→ Action item:
Retype the entries exactly, but skip the pictures.

→ Recorded data:
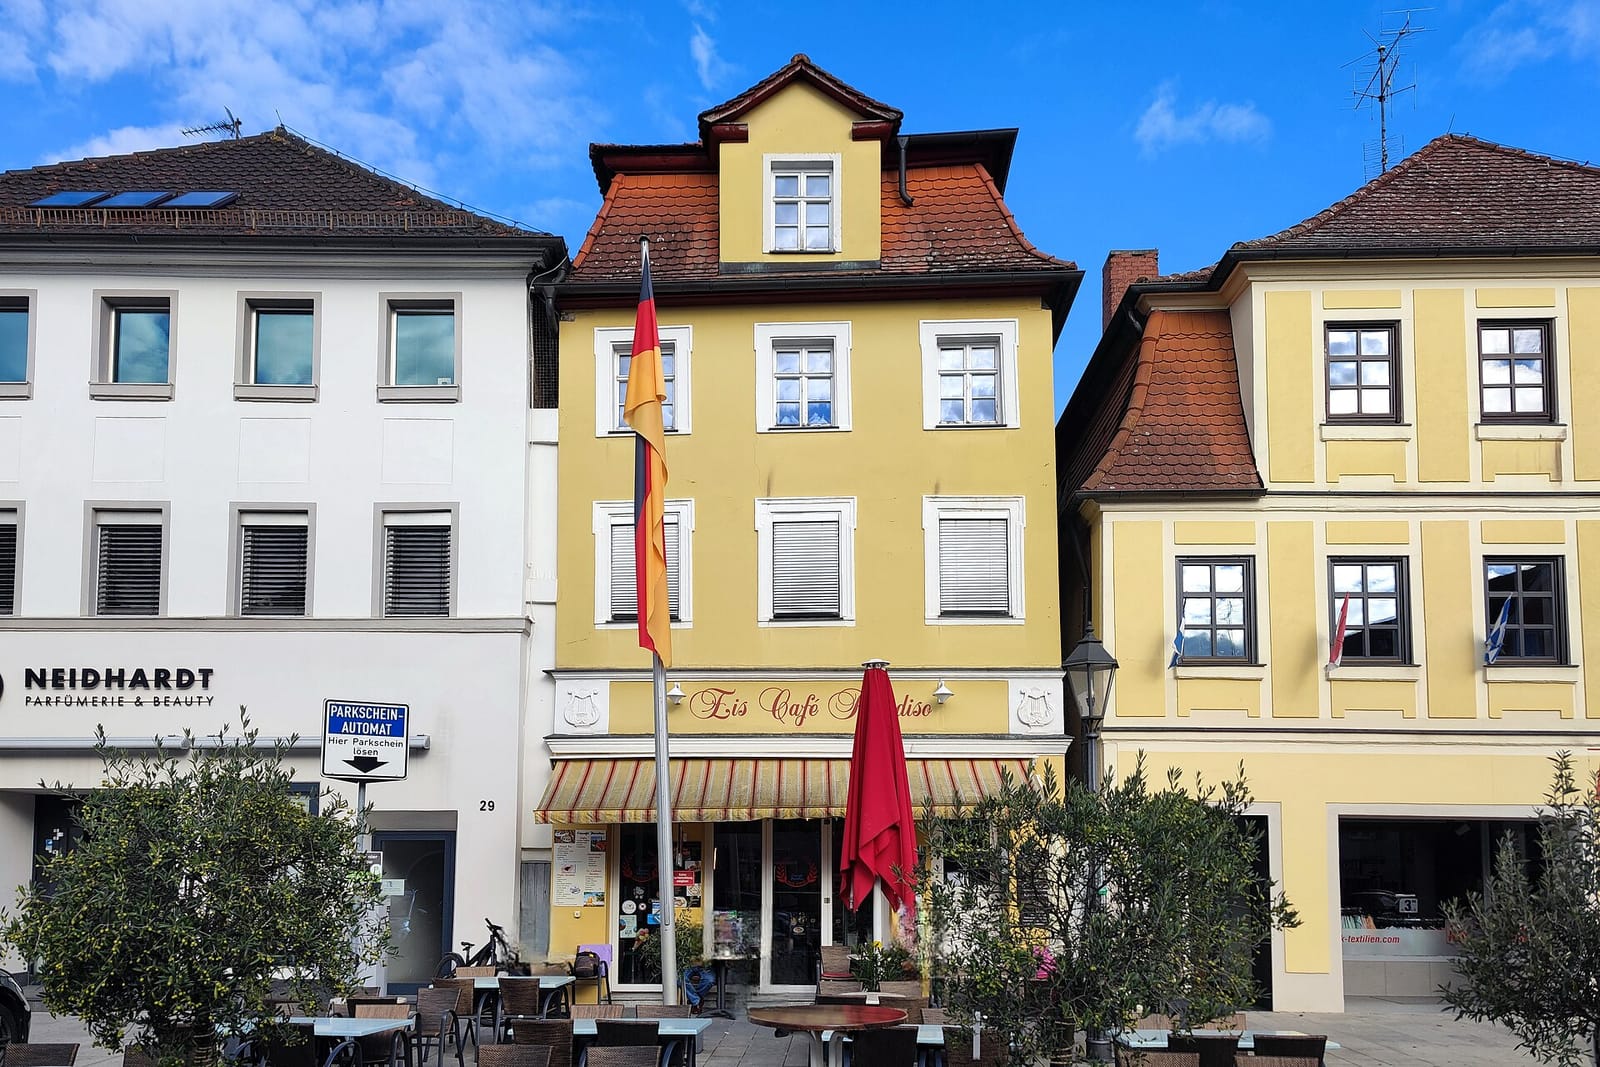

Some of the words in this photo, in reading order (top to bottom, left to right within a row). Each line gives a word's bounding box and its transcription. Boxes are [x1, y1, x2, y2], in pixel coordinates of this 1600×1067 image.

[25, 668, 214, 689] NEIDHARDT
[25, 694, 125, 707] PARFÜMERIE
[134, 696, 144, 707] &
[153, 696, 214, 707] BEAUTY
[689, 687, 748, 720] Eis
[758, 687, 820, 727] Café
[828, 687, 933, 720] Pdiso
[330, 705, 404, 721] PARKSCHEIN-
[341, 721, 392, 735] AUTOMAT
[328, 736, 348, 745] Hier
[352, 737, 404, 748] Parkschein
[353, 747, 379, 756] lösen
[479, 800, 495, 811] 29
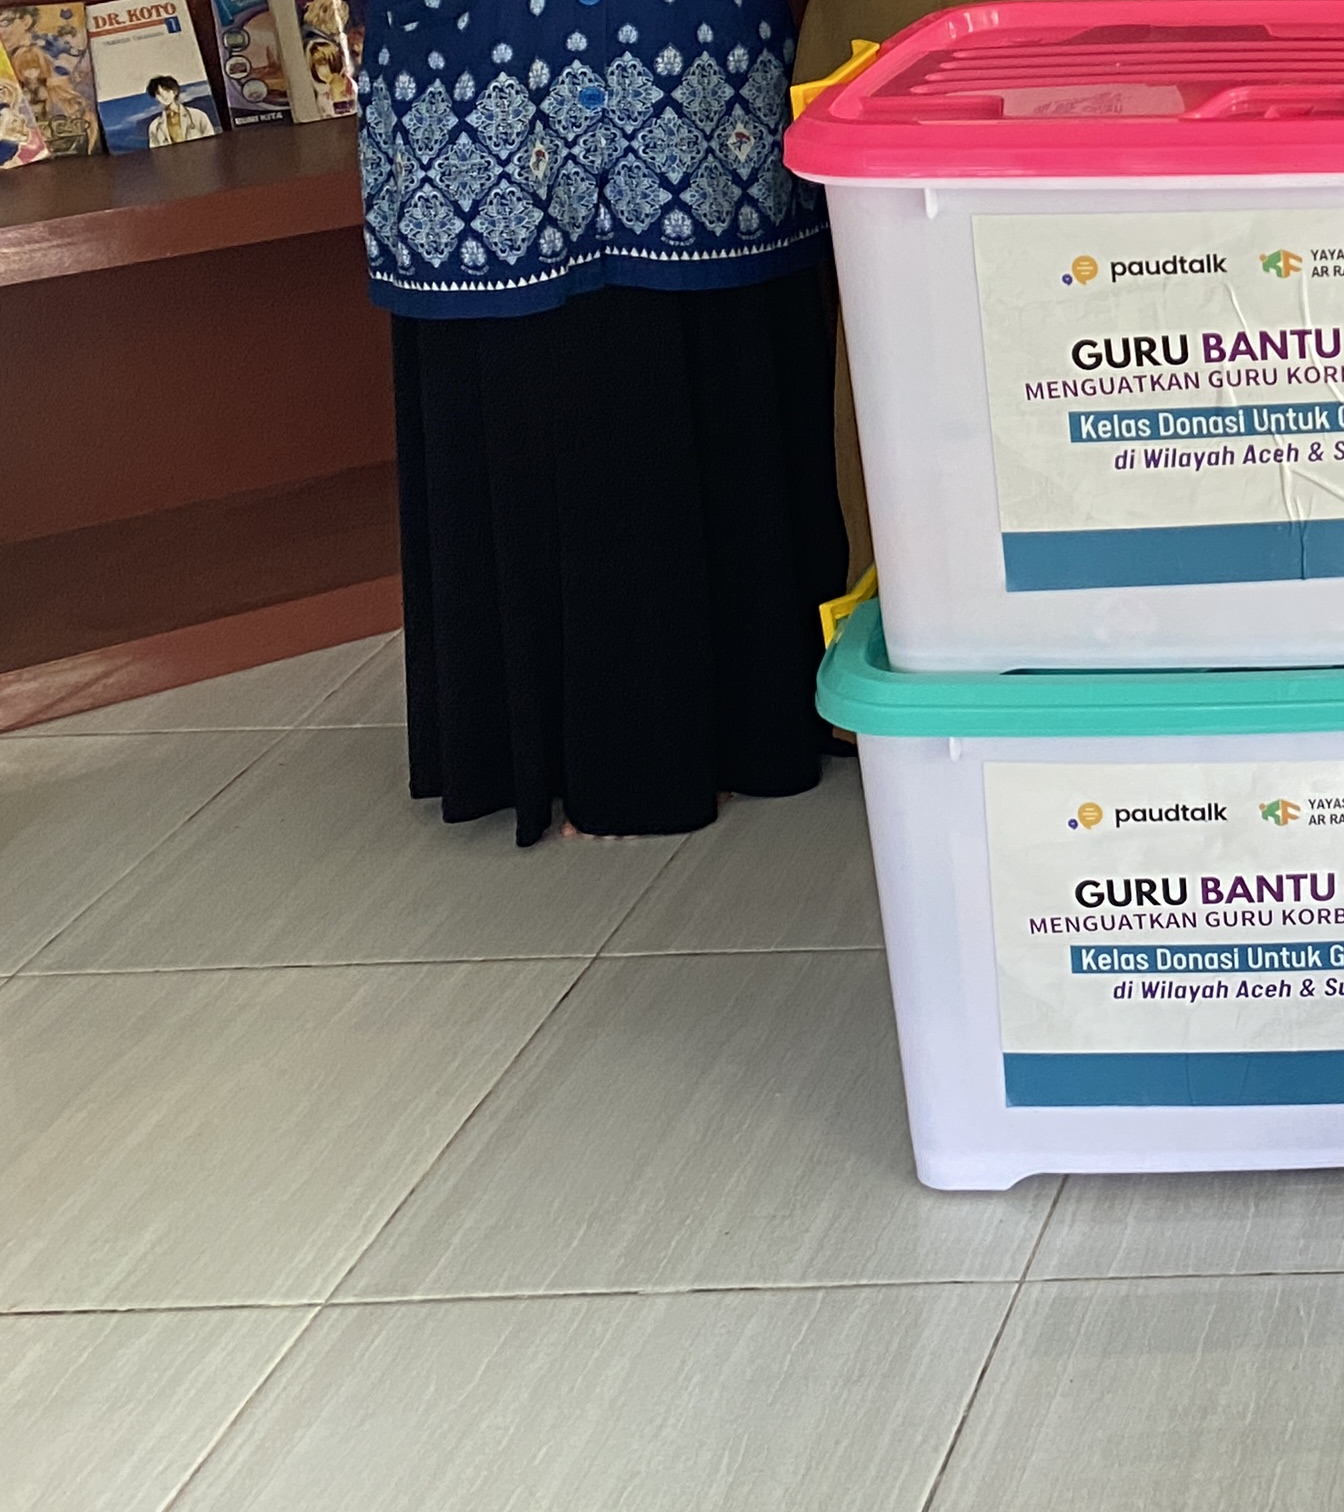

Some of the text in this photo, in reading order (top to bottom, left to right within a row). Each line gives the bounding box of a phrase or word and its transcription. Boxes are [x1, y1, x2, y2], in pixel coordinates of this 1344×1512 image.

→ Answer to the problem:
Some of the words in this photo, in reading order (top to bottom, left to right within a row). Each line gives a word's bounding box and its transcription. Boxes are [x1, y1, x2, y2], in pixel coordinates of this 1600×1067 image.

[25, 668, 214, 689] NEIDHARDT
[25, 694, 125, 707] PARFÜMERIE
[134, 696, 144, 707] &
[153, 696, 214, 707] BEAUTY
[689, 687, 748, 720] Eis
[758, 687, 820, 727] Café
[828, 687, 933, 720] Pdiso
[330, 705, 404, 721] PARKSCHEIN-
[341, 721, 392, 735] AUTOMAT
[328, 736, 348, 745] Hier
[352, 737, 404, 748] Parkschein
[353, 747, 379, 756] lösen
[479, 800, 495, 811] 29

Some of the text in this photo, in reading order (top to bottom, left to right within a row). Each line gives the bounding box of a phrase or word and its transcription. Boxes are [x1, y1, x2, y2], in pixel coordinates of this 1344×1512 image.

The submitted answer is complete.